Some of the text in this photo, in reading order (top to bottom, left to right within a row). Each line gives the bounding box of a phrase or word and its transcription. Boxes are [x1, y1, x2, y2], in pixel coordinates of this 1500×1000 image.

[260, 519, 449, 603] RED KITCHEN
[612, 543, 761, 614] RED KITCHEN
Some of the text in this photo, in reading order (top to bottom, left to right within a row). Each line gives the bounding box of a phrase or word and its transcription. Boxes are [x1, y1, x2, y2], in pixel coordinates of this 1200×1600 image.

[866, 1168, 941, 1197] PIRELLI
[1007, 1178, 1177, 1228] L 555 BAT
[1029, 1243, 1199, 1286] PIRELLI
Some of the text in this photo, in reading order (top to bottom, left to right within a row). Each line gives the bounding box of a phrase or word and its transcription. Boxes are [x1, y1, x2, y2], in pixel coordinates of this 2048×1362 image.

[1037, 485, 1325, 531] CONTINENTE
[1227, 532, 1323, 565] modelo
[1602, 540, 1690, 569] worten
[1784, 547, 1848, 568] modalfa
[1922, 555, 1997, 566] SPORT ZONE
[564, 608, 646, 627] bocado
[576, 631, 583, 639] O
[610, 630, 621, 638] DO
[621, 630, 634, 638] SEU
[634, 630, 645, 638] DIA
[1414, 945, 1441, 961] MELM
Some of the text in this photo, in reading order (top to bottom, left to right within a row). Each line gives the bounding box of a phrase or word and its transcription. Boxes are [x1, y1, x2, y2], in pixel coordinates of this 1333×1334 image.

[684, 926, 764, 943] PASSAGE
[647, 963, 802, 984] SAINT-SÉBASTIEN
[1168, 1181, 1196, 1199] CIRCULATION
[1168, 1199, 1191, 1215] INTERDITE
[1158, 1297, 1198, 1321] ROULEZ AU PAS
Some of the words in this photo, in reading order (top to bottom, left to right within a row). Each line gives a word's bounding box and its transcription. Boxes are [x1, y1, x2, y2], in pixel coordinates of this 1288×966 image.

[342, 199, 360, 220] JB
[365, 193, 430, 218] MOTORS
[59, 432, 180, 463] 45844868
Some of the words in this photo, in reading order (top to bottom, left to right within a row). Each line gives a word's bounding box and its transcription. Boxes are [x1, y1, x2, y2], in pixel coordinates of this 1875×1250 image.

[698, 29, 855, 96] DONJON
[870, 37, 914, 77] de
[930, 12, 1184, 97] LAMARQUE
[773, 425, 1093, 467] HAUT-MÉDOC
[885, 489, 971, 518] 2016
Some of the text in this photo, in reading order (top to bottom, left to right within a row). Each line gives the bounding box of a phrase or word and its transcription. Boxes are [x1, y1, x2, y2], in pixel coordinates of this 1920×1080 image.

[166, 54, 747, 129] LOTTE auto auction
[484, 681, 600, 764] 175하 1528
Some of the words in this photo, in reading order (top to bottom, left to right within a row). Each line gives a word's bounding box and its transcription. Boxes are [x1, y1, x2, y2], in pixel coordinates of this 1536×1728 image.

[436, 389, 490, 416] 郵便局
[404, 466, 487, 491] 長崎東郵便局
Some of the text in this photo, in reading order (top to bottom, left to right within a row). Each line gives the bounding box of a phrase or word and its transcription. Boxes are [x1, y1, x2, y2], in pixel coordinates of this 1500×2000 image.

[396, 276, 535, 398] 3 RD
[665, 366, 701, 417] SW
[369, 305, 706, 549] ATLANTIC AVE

--

### Problem
Could you print the lines above, exactly as written, from the line containing "this 1875×1250 image." through the final one?

### Answer box
Some of the words in this photo, in reading order (top to bottom, left to right within a row). Each line gives a word's bounding box and its transcription. Boxes are [x1, y1, x2, y2], in pixel coordinates of this 1875×1250 image.

[698, 29, 855, 96] DONJON
[870, 37, 914, 77] de
[930, 12, 1184, 97] LAMARQUE
[773, 425, 1093, 467] HAUT-MÉDOC
[885, 489, 971, 518] 2016
Some of the text in this photo, in reading order (top to bottom, left to right within a row). Each line gives the bounding box of a phrase or word and its transcription. Boxes are [x1, y1, x2, y2], in pixel coordinates of this 1920×1080 image.

[166, 54, 747, 129] LOTTE auto auction
[484, 681, 600, 764] 175하 1528
Some of the words in this photo, in reading order (top to bottom, left to right within a row). Each line gives a word's bounding box and its transcription. Boxes are [x1, y1, x2, y2], in pixel coordinates of this 1536×1728 image.

[436, 389, 490, 416] 郵便局
[404, 466, 487, 491] 長崎東郵便局
Some of the text in this photo, in reading order (top to bottom, left to right within a row). Each line gives the bounding box of a phrase or word and its transcription. Boxes are [x1, y1, x2, y2], in pixel coordinates of this 1500×2000 image.

[396, 276, 535, 398] 3 RD
[665, 366, 701, 417] SW
[369, 305, 706, 549] ATLANTIC AVE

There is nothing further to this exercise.